Obama wants to make it as difficult as possible to legally own a gun, in order to do what he says “is our first task as a society, keeping our children safe.” He also wants to increase police forces and mental health services in schools. Aside from the fiscal issues, there are cultural and health concerns which must be examined.
President Obama said it himself: America needs to protect its children. We pretend to do this, but we don’t. Charles Krauthammer said in the Washington Post just after the Newtown tragedy, “Every mass shooting has three elements: the killer, the weapon and the cultural climate.” That “climate” is the culture of death, which broadly encompasses 55 million abortions since Roe v. Wade to the glorification of violence in movies, TV, pop music and video gaming. Indifference or simple numbness in the face of pervasive violence leaves us in a precarious position to protect our children.
Obama’s initiative also focuses on mental illness. One of the executive actions reads: Direct the Attorney General to review categories of individuals prohibited from having a gun to make sure dangerous people are not slipping through the cracks.
From this ambiguous standpoint, it makes more sense to keep guns out of the hands of males than the mentally ill. After all, it is men who overwhelmingly commit crimes in this country. One study concludes that the mentally ill are four times more likely to be victims of crime than they are to be perpetrators.

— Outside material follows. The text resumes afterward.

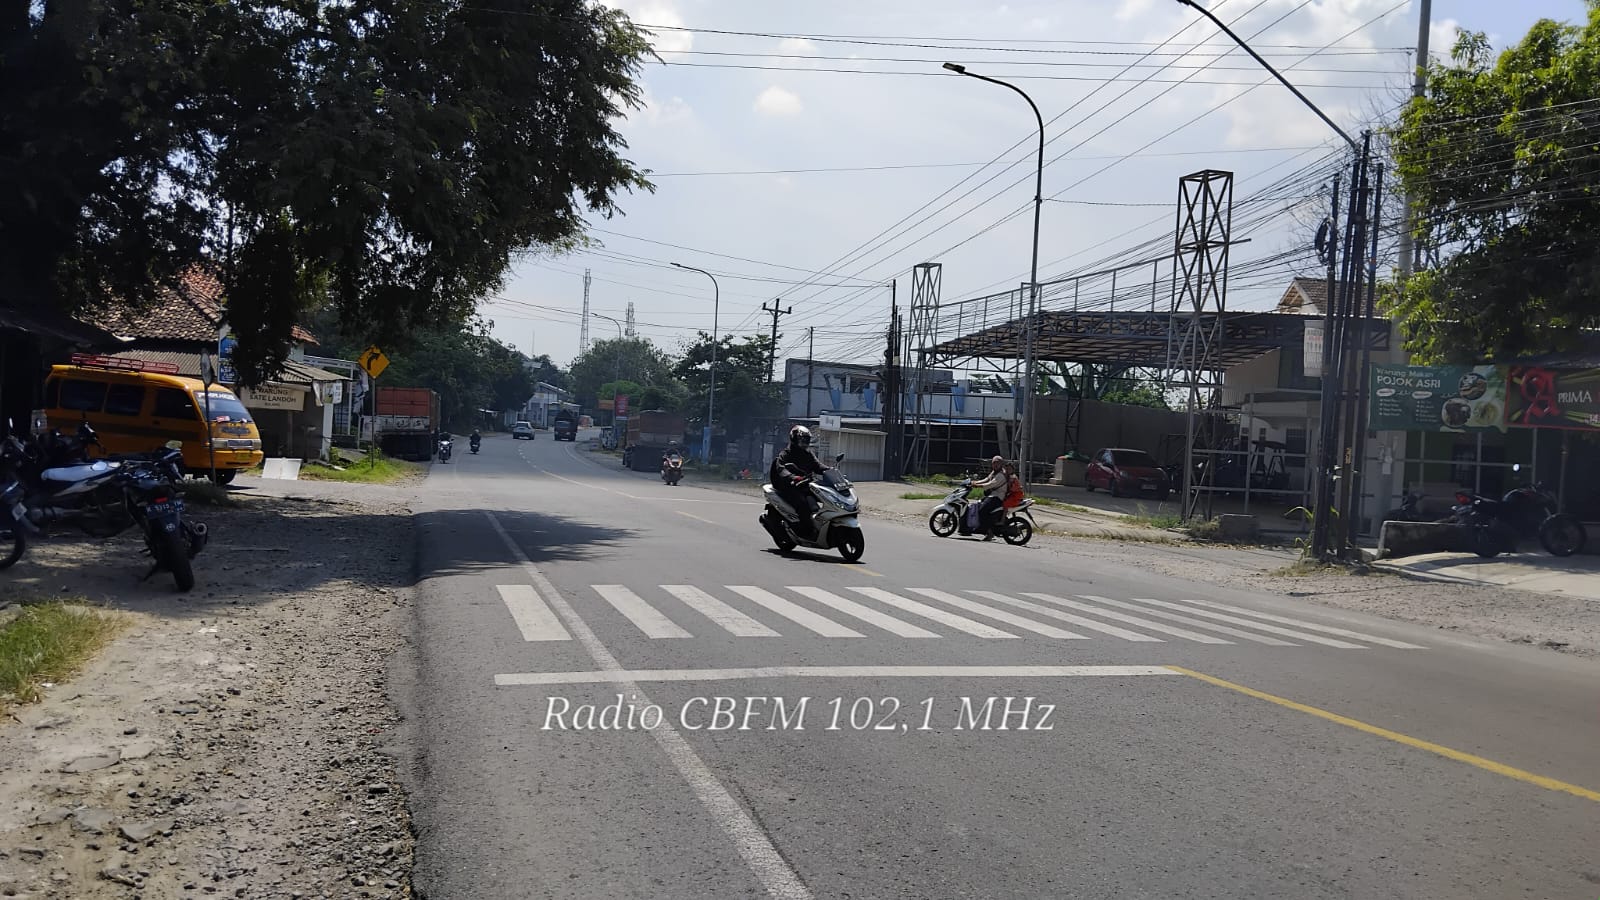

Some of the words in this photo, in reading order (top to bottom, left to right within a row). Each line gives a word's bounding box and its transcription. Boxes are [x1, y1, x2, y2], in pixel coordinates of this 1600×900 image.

[1376, 375, 1414, 387] POJOK
[1415, 379, 1441, 388] ASRI
[1558, 389, 1592, 403] PRIMA

There is the question, too, of who can determine the danger posed by the mentally ill. Physician Timothy Dalrymple says that this question is simply unanswerable.

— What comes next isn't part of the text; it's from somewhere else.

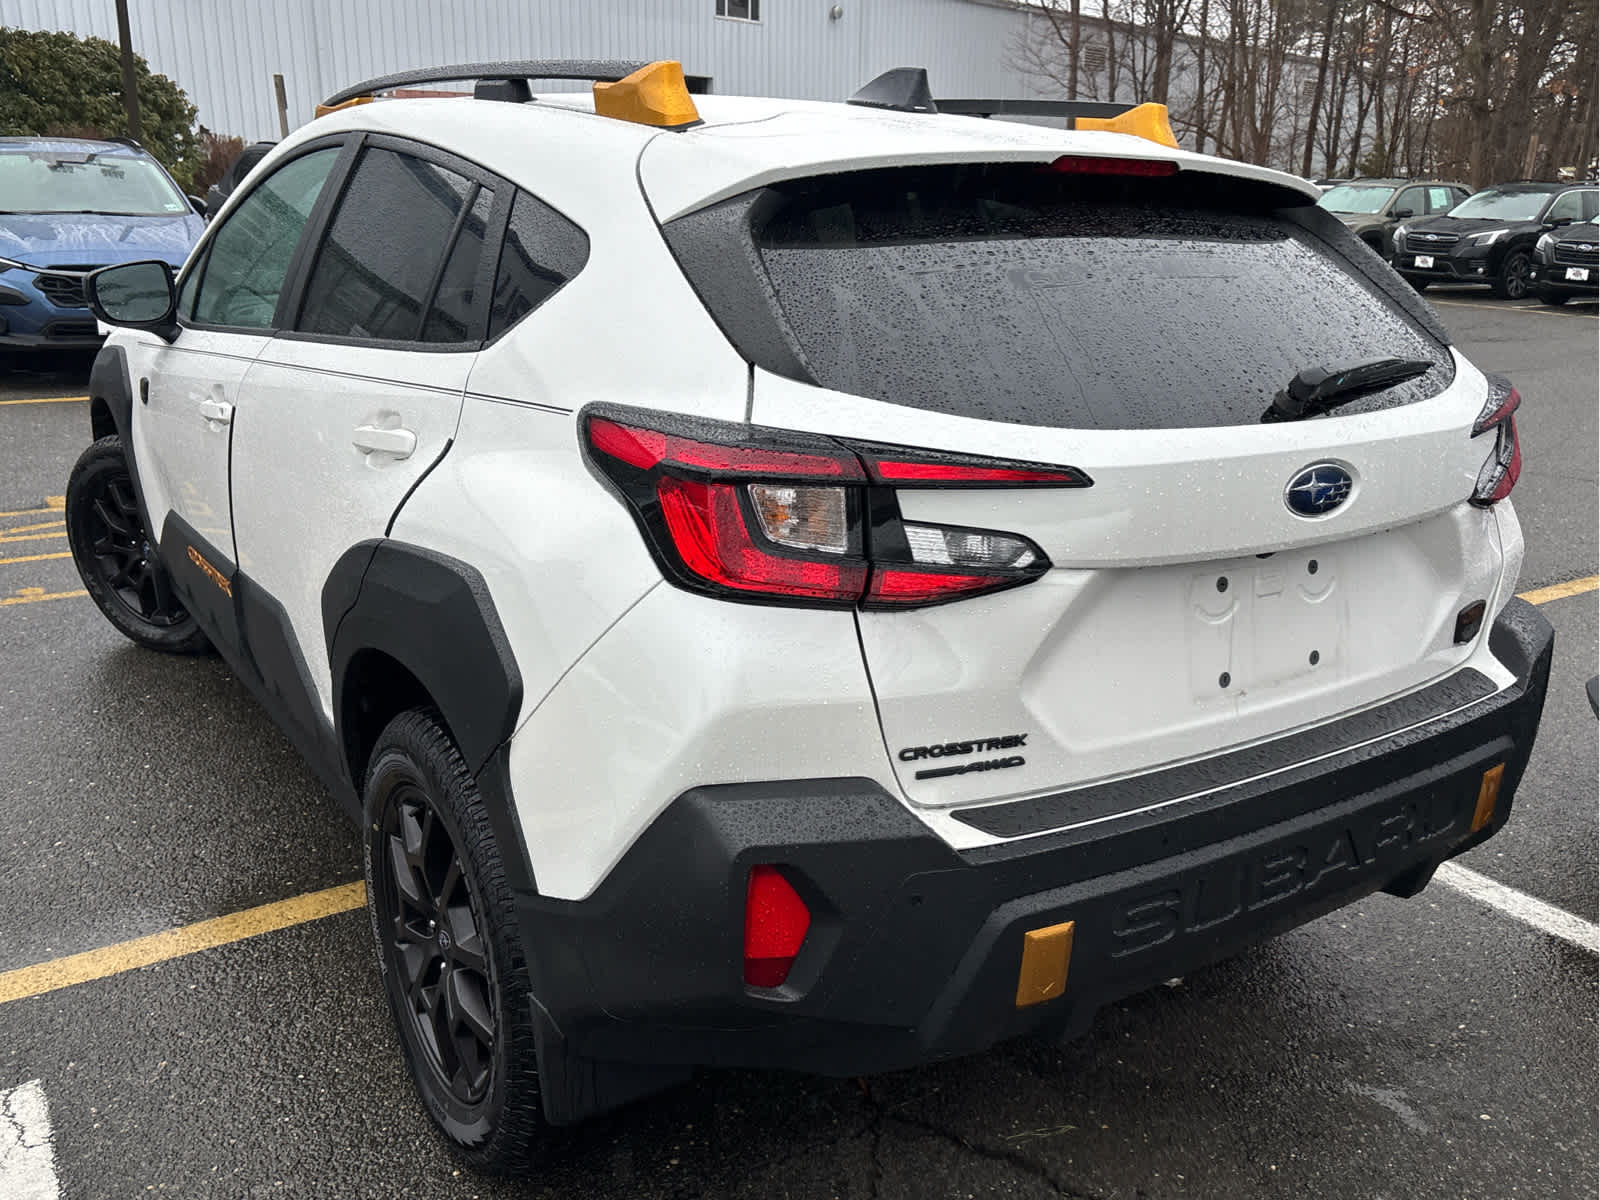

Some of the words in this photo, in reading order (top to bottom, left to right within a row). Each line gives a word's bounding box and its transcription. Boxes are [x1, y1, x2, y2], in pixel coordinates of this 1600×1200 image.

Muddling mental health and civil liberties will be mayhem. Might a woman suffering from a bout of post-partum depression be forever barred from owning a weapon? If a recreational hunter thinks seeking help for depression would keep him from owning a gun, will he choose to forgo medical advice? Should a cop struggling with post-traumatic stress be permanently relieved of his weapon?
If you want to see a kid get stigmatized, have him pulled out of his high school biology class once a week to talk to the school shrink. Such over-reaching health “care” will take treatment of mental illness out of the hands of patients and parents, and into the hands of the government.

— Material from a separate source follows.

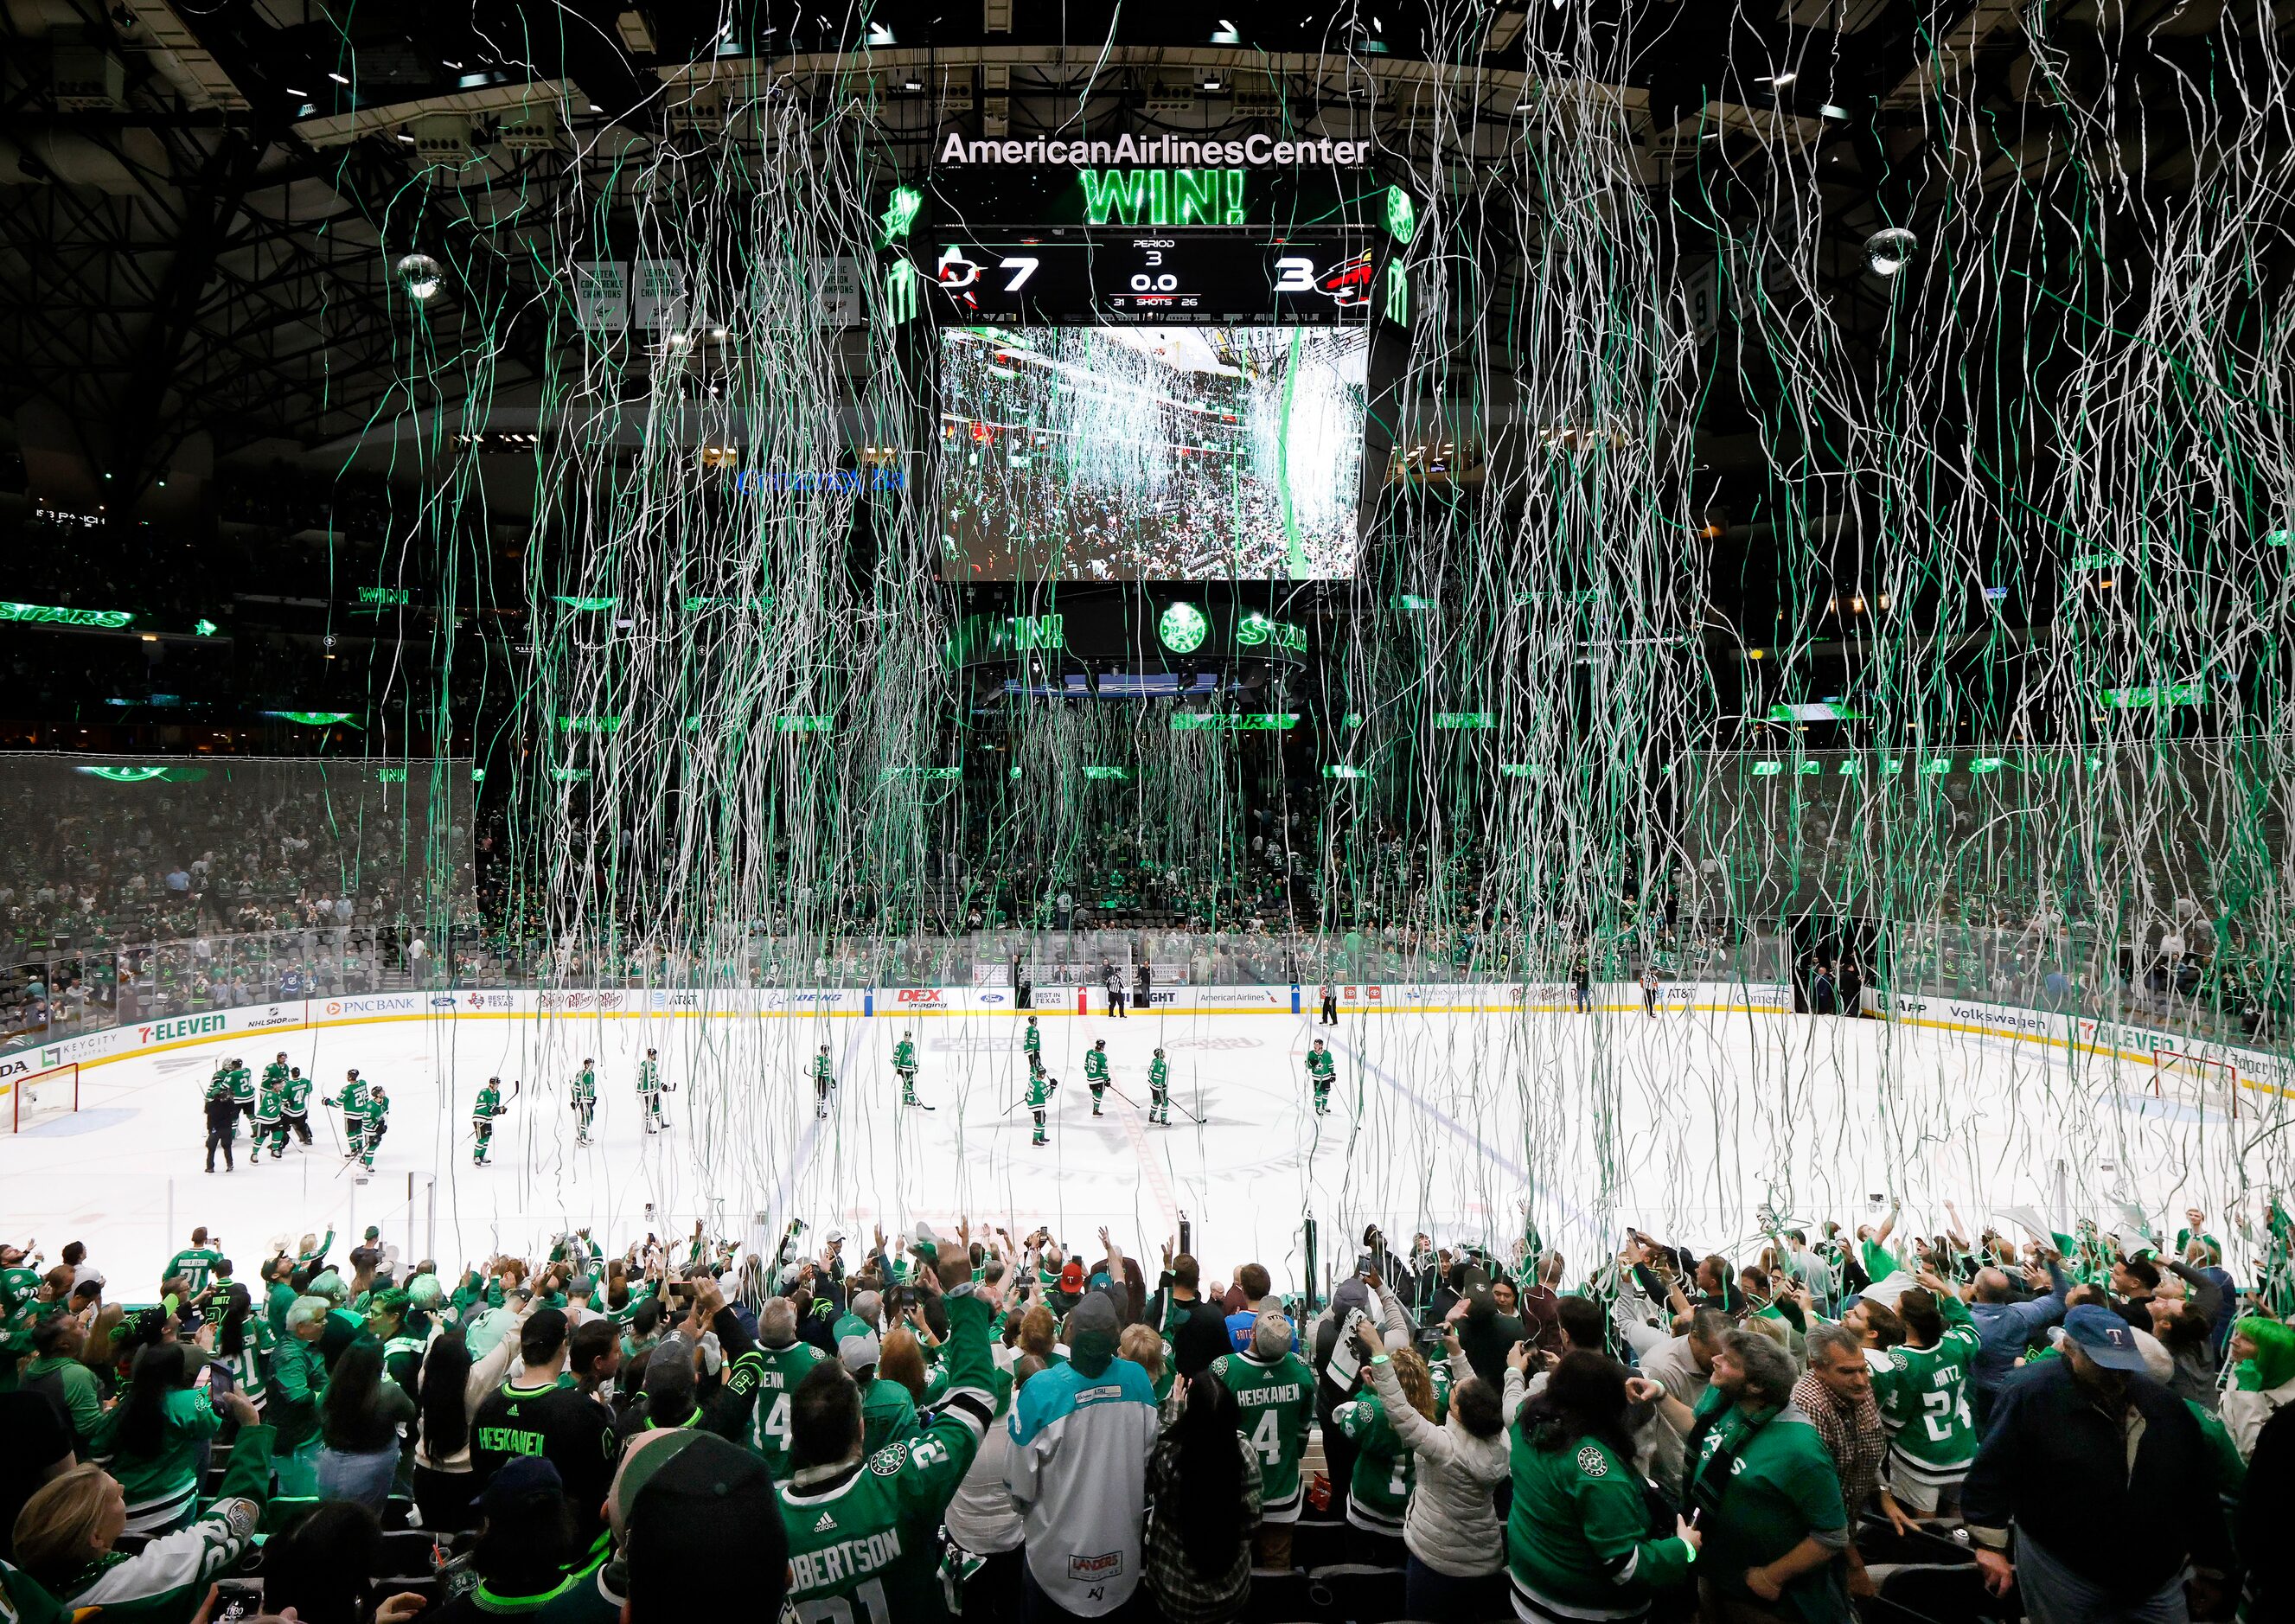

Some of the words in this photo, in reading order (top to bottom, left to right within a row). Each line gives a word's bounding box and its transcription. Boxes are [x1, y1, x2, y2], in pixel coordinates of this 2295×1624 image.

The American mental health system is broken, but this back-door approach under the guise of preventing crime is not the way to fix it. It will only further stigmatize the mentally ill, and prevent many from getting help. Jonah Goldberg, in his book The Tyranny of Clichés, says, “This is the true danger of turning prevention into a governmental crusade. There is no end to it, no limiting principle.”
America’s deepest problems are not guns or mental illness. We can’t fix sin, evil and cultural disorder by presidential decrees. Locking up every gun in America won’t make us safer.
“…sin lies in wait at the door: its urge is for you, yet you can rule over it,” God told Cain. That same offer stands before America as well. However, just as with Cain, we must rule over the darkness in our hearts. A safer, healthier, more peaceful society is not borne of misguided legislation, but deep respect for God’s greatest creation: human life.